Source data:

┄┄┄┄┄┄┄┄┄┄┄┄┄┄┄┄┄┄┄┄

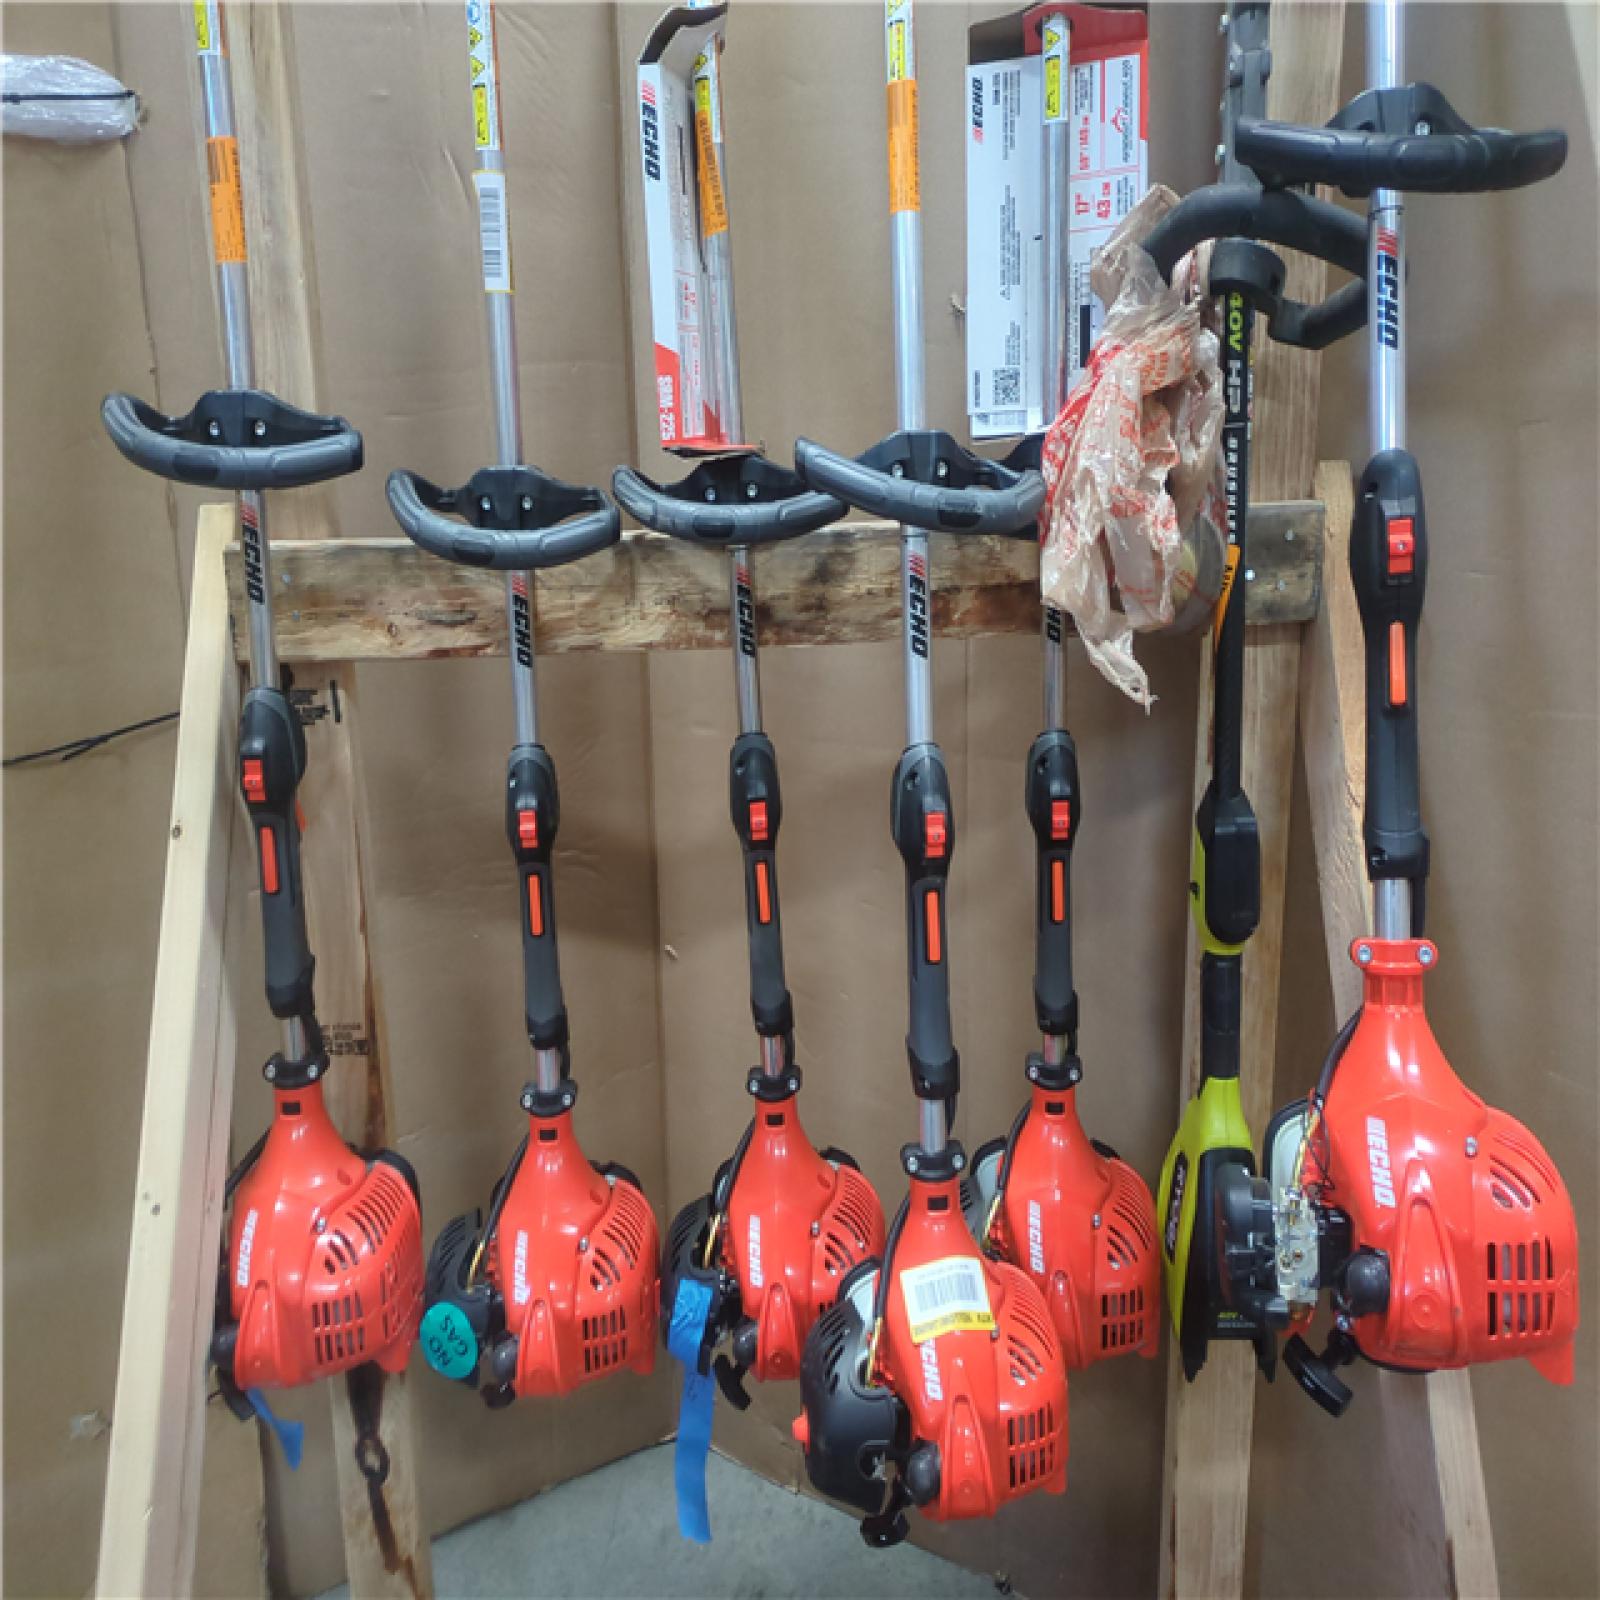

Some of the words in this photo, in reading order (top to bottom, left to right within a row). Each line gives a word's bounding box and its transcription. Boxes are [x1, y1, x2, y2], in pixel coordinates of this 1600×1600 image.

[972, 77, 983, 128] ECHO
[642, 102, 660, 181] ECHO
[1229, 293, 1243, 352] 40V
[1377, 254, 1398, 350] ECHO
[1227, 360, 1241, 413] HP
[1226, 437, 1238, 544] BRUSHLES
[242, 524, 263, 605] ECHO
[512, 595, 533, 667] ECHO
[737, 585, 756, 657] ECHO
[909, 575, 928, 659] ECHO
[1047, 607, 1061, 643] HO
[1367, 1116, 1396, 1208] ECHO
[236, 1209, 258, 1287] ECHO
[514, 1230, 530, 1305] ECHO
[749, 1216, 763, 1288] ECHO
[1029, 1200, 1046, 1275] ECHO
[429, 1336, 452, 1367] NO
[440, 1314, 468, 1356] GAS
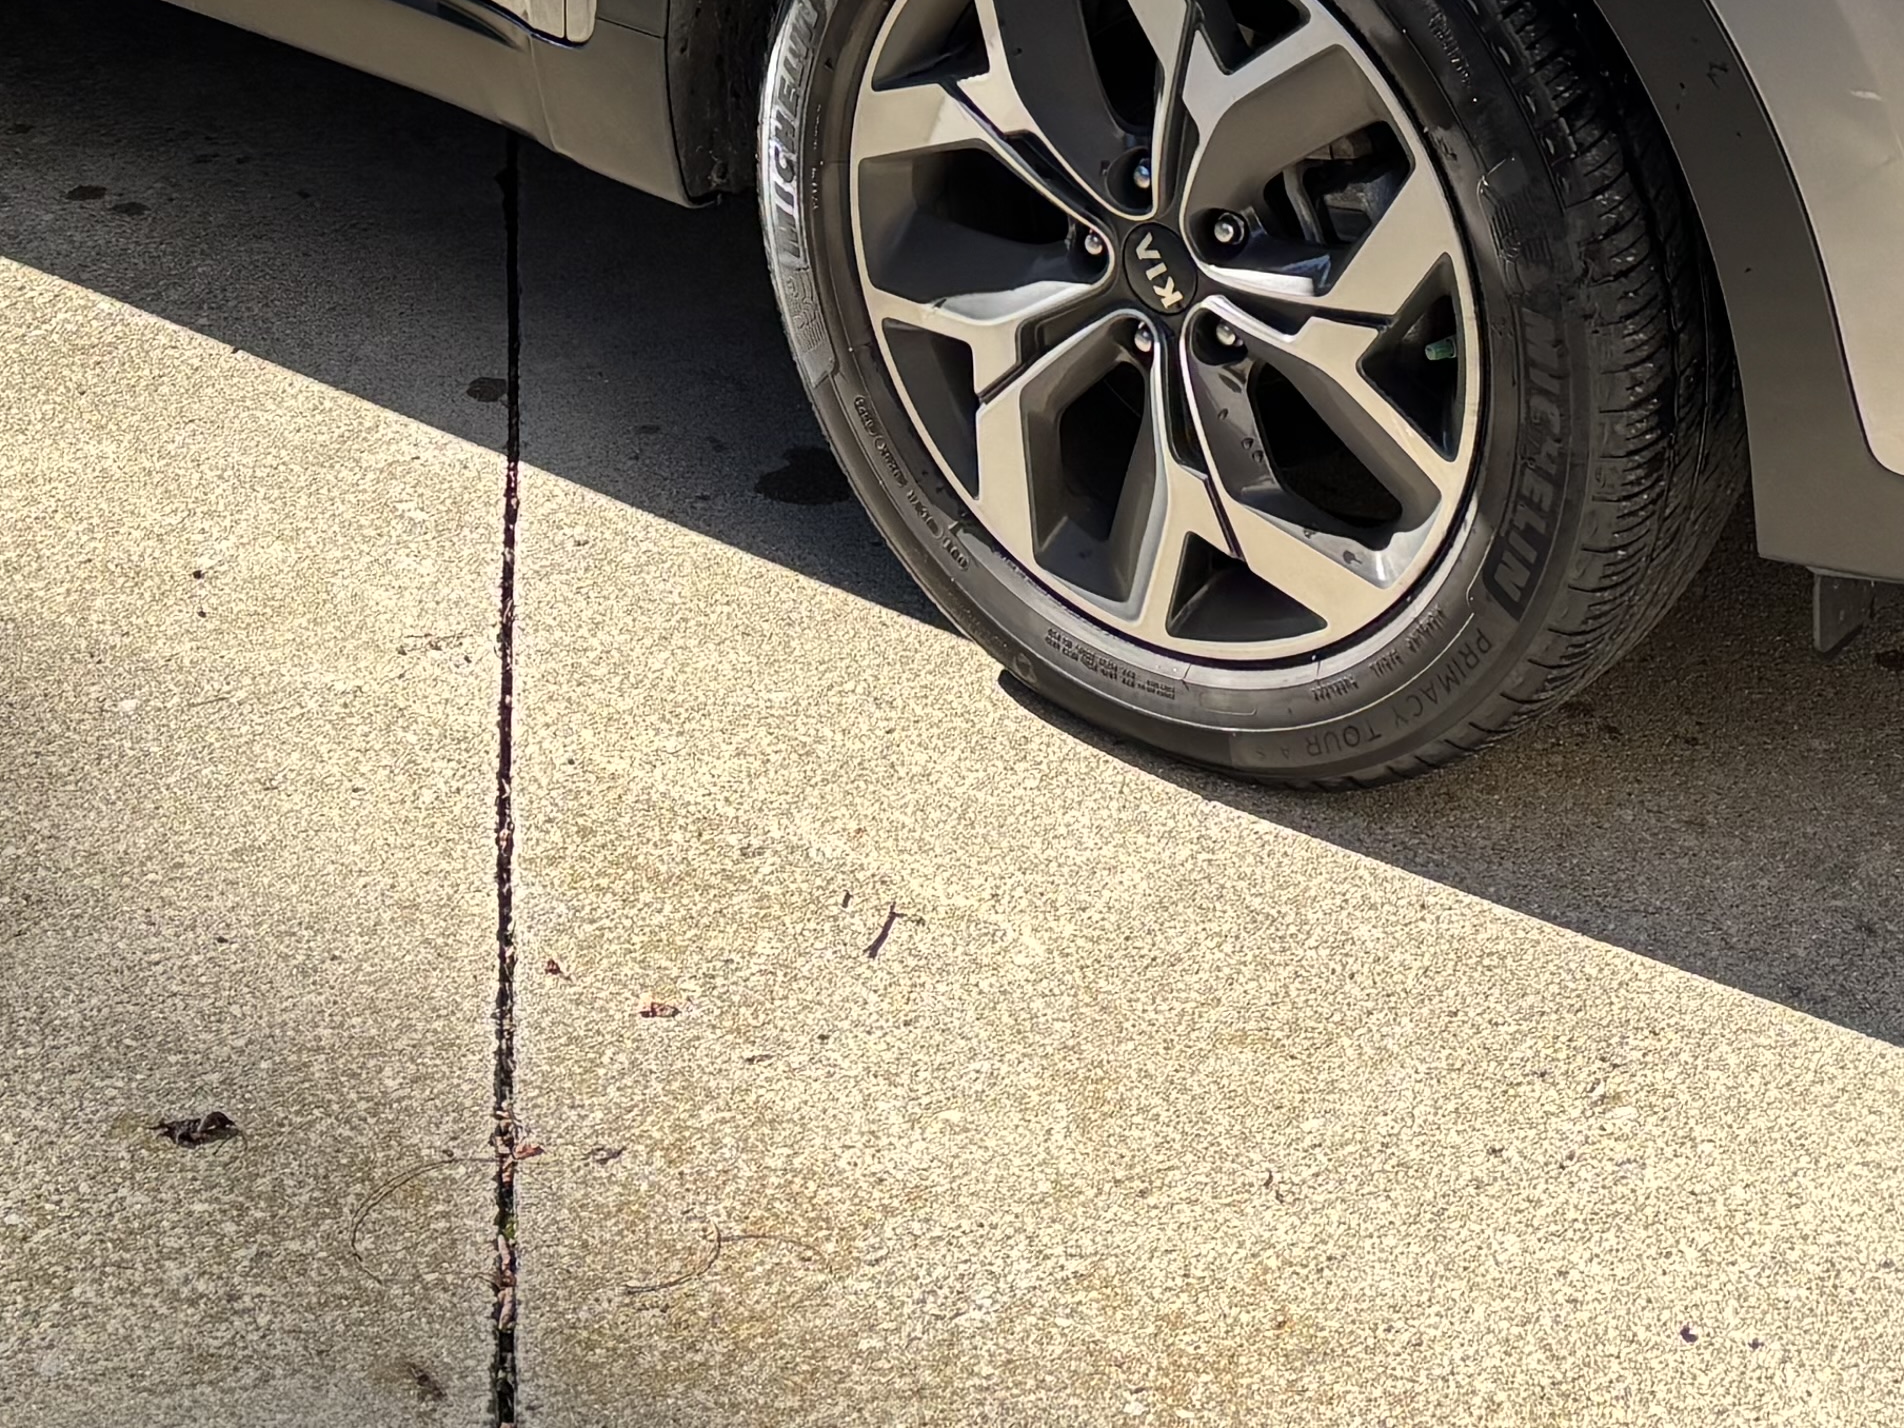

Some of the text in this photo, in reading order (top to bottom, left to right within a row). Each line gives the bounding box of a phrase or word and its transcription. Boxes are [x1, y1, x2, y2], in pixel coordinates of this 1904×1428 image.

┄┄┄┄┄┄┄┄┄┄┄┄┄┄┄┄┄┄┄┄

_Your assignment_: Please transcribe all of the entries word for word, with the pictures left out.

_Exercise output_:
Some of the words in this photo, in reading order (top to bottom, left to right within a row). Each line gives a word's bounding box and its transcription. Boxes are [x1, y1, x2, y2], in pixel coordinates of this 1600×1600 image.

[972, 77, 983, 128] ECHO
[642, 102, 660, 181] ECHO
[1229, 293, 1243, 352] 40V
[1377, 254, 1398, 350] ECHO
[1227, 360, 1241, 413] HP
[1226, 437, 1238, 544] BRUSHLES
[242, 524, 263, 605] ECHO
[512, 595, 533, 667] ECHO
[737, 585, 756, 657] ECHO
[909, 575, 928, 659] ECHO
[1047, 607, 1061, 643] HO
[1367, 1116, 1396, 1208] ECHO
[236, 1209, 258, 1287] ECHO
[514, 1230, 530, 1305] ECHO
[749, 1216, 763, 1288] ECHO
[1029, 1200, 1046, 1275] ECHO
[429, 1336, 452, 1367] NO
[440, 1314, 468, 1356] GAS

Some of the text in this photo, in reading order (top to bottom, left to right within a row). Each line gives the bounding box of a phrase or word and its transcription. Boxes are [x1, y1, x2, y2], in pixel coordinates of this 1904×1428 image.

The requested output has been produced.